上に見えているのは、ランチの上に乗せるジョリーボートの部品です。こちらは重ねて作るようになっていました。

 

2009/1/8

 ランチは、オービタルサンダーで磨き塗装(オイルステイン:木に染み込む塗料)をしたところです。ジョリーボートは、重ねて接着したものを削っています。外側はカッターで大まかに削り、やすりで磨くのですが、内側には参りました。くり抜くのに必要な彫刻刀もないので、ホームセンターに行って探したところ、電動ドリルに接続して使うドリルチャックがあったので購入しました。(歯科医が使うドリルの大型のようなものです。)それを使い1ミリまで削った後の写真です。   2009/2/17

 完成したランチです。下にあるのは英文のパーツリスト。

  2009/3/11

 船の外側に取り付けるチャンネルとシュラウドを引っ張るためのデッドアイを制作する。後ろに見える1ミリの真鍮の針金で輪を作り銀ロー付けする。デッドアイを挟んで絞るようにして曲げチャンネルの穴に通す。図解写真では1.5ミリの穴となっていたが、この先に針金で下のチェーンを作るためには3ミリの穴が必要になる。仕方がないので2ミリの穴をあけ横に広げることにした。
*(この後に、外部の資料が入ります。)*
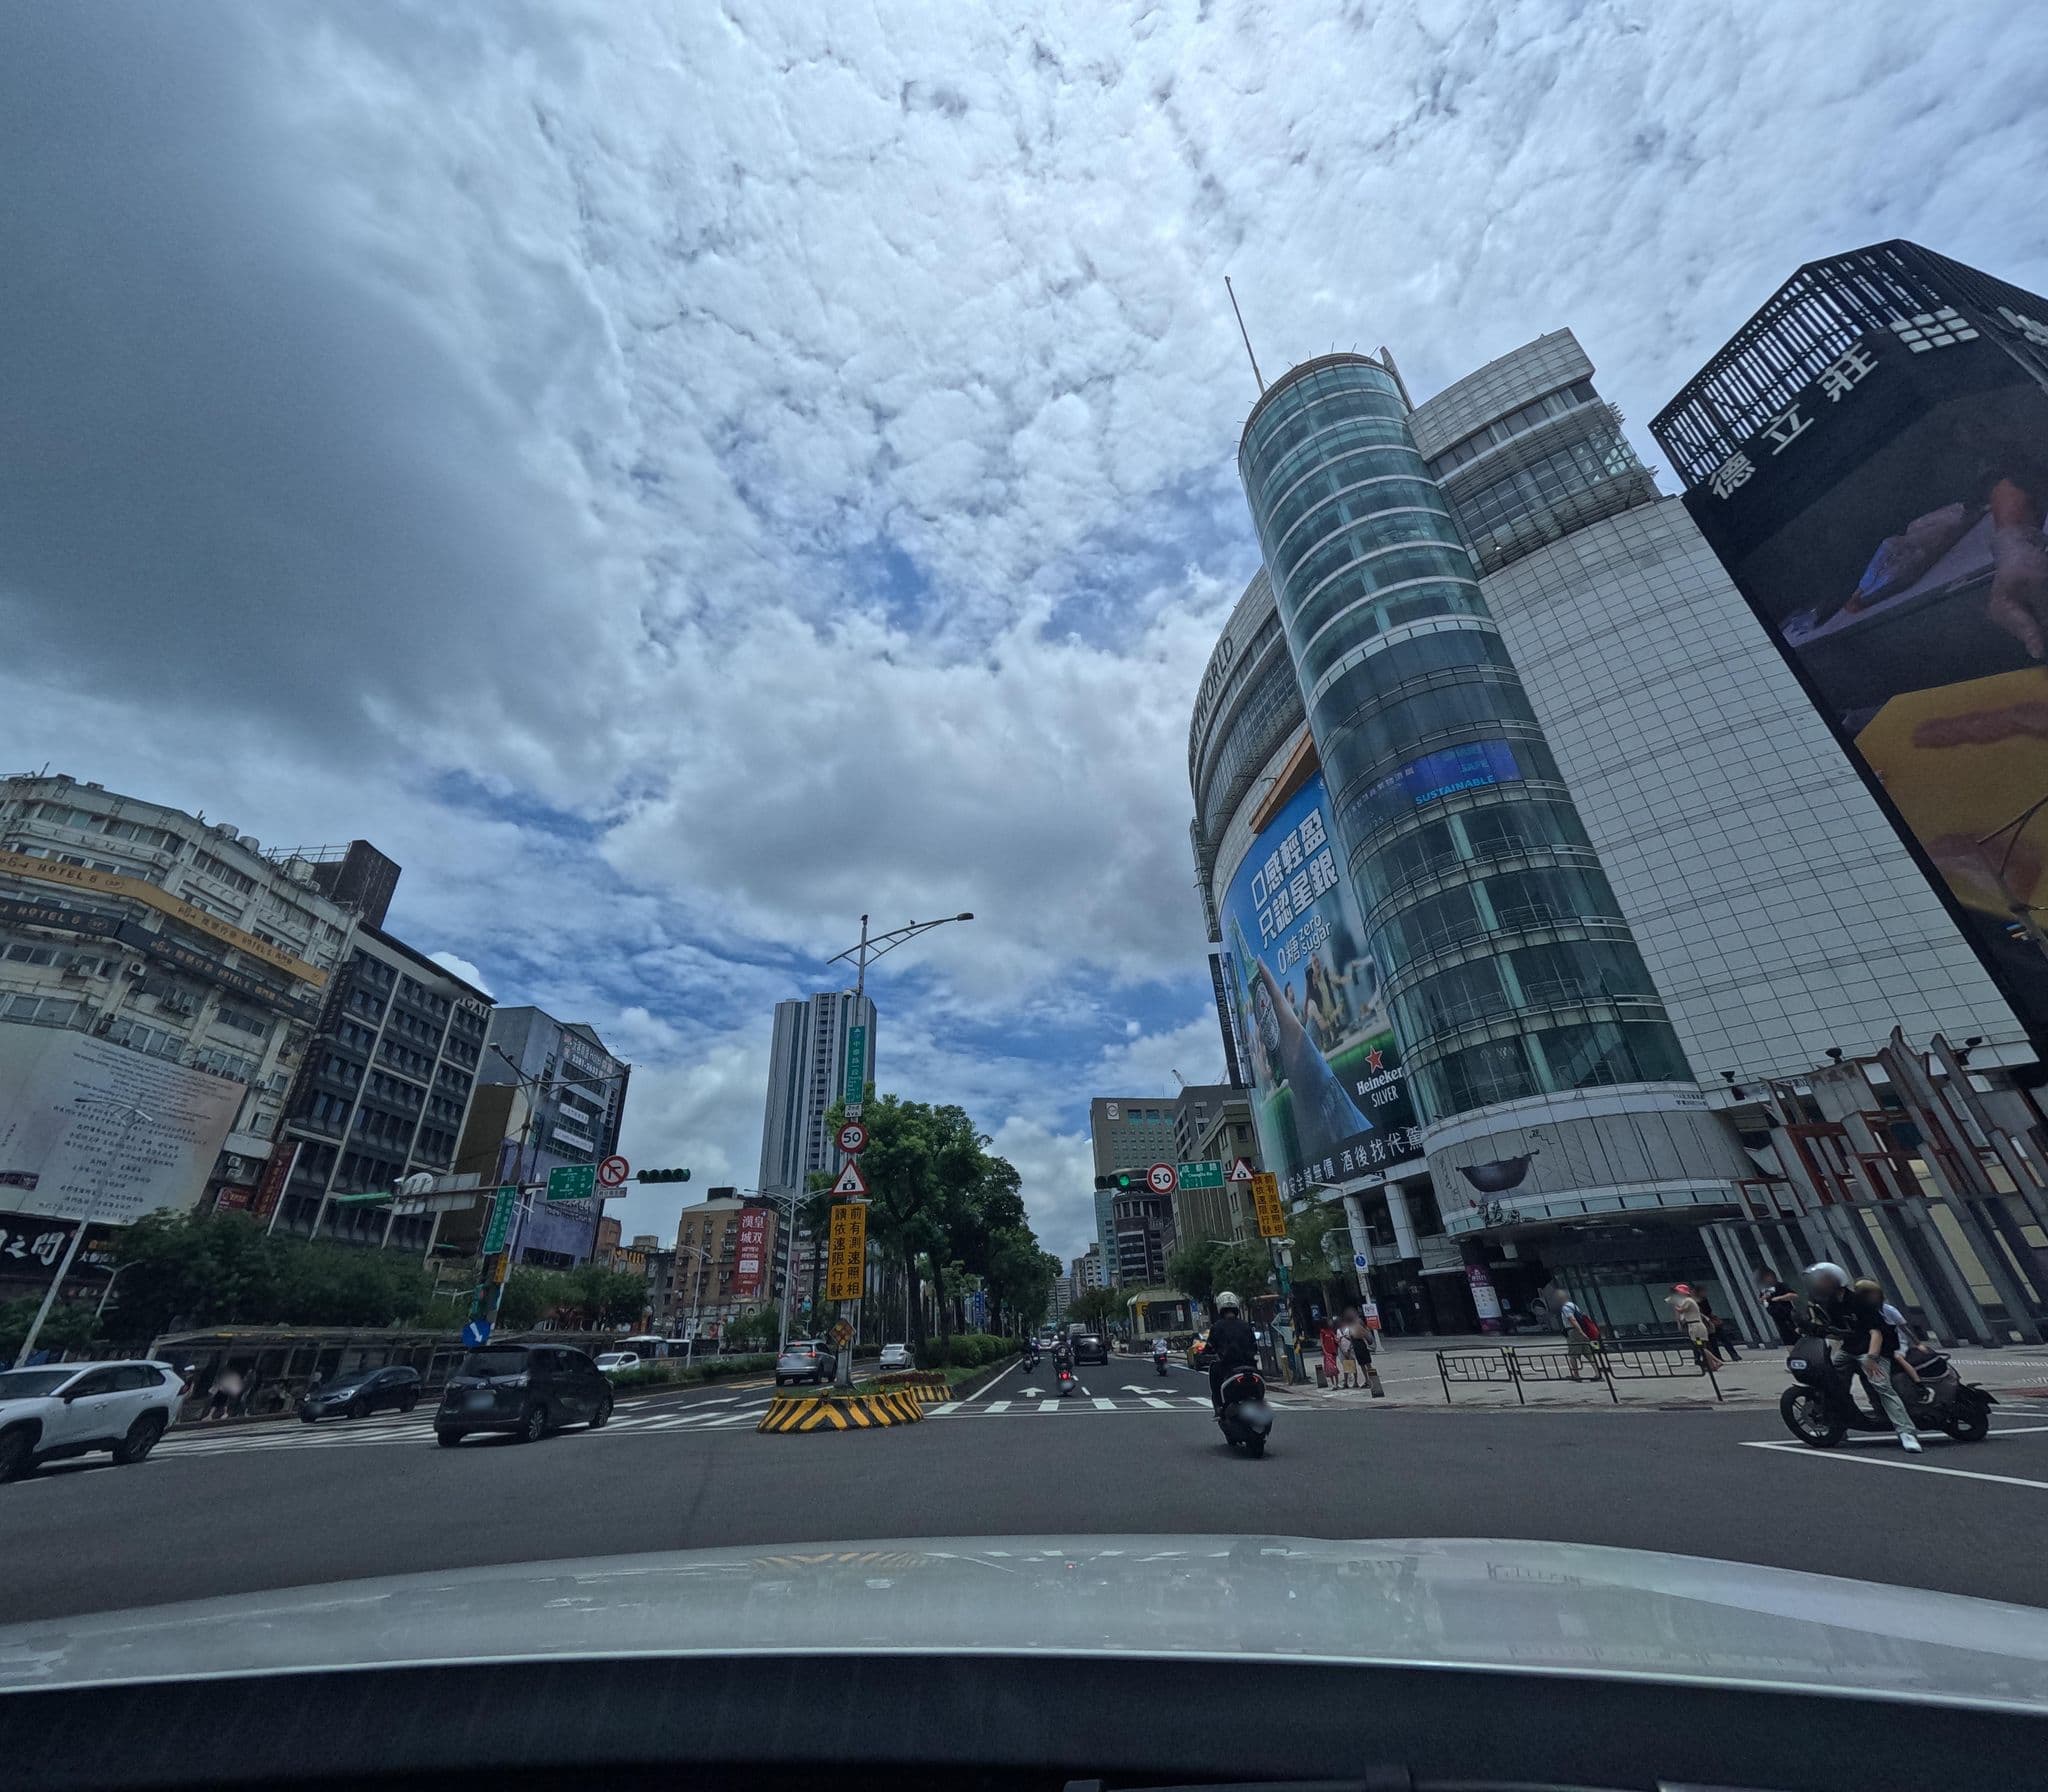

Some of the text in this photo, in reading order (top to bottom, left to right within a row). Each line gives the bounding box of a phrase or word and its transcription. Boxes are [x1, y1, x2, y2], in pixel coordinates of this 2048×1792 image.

チェーンの先は釘で止めるので良いが、シースルーの側はこのままでは抜けてしまう。悩んだ末にチャンネルを通した後に0.3ミリの細い針金でワッシャーの代わりになるように縛ることにした。   2009/3/25

 左舷側は、チャンネンルに差し込んだデッドアイの下に二つのチェーンを銀ロー付けで繋いだものを作成してから船体に取り付けました。この後で一番下に金具を付けて真鍮釘で止めます。

2009/4/27

 この船には4門の4ポンド砲が搭載されている。バイブル本には余った糸じまいの処理に木で道具を作る方法が載っていたが、商売上で知り合いの金属加工所があり相談してみた。写真の部品を作ってもらい使ってみたところ、真ん中の切れ目が細すぎて糸がうまく抜けなかったので、再度作ってもらうことにした。使い方は、切れ目に糸を入れてとぐろを巻くように回し、糸の最後をクリップで止めて動かないようにしてから木工ボンドで固めます。しっかり固まってからマイナスのドライバーでゆっくりと剥がします。   2009/4/28

 着色した部品を甲板上に取り付けた。

 2009/5/2

クリックで拡大します。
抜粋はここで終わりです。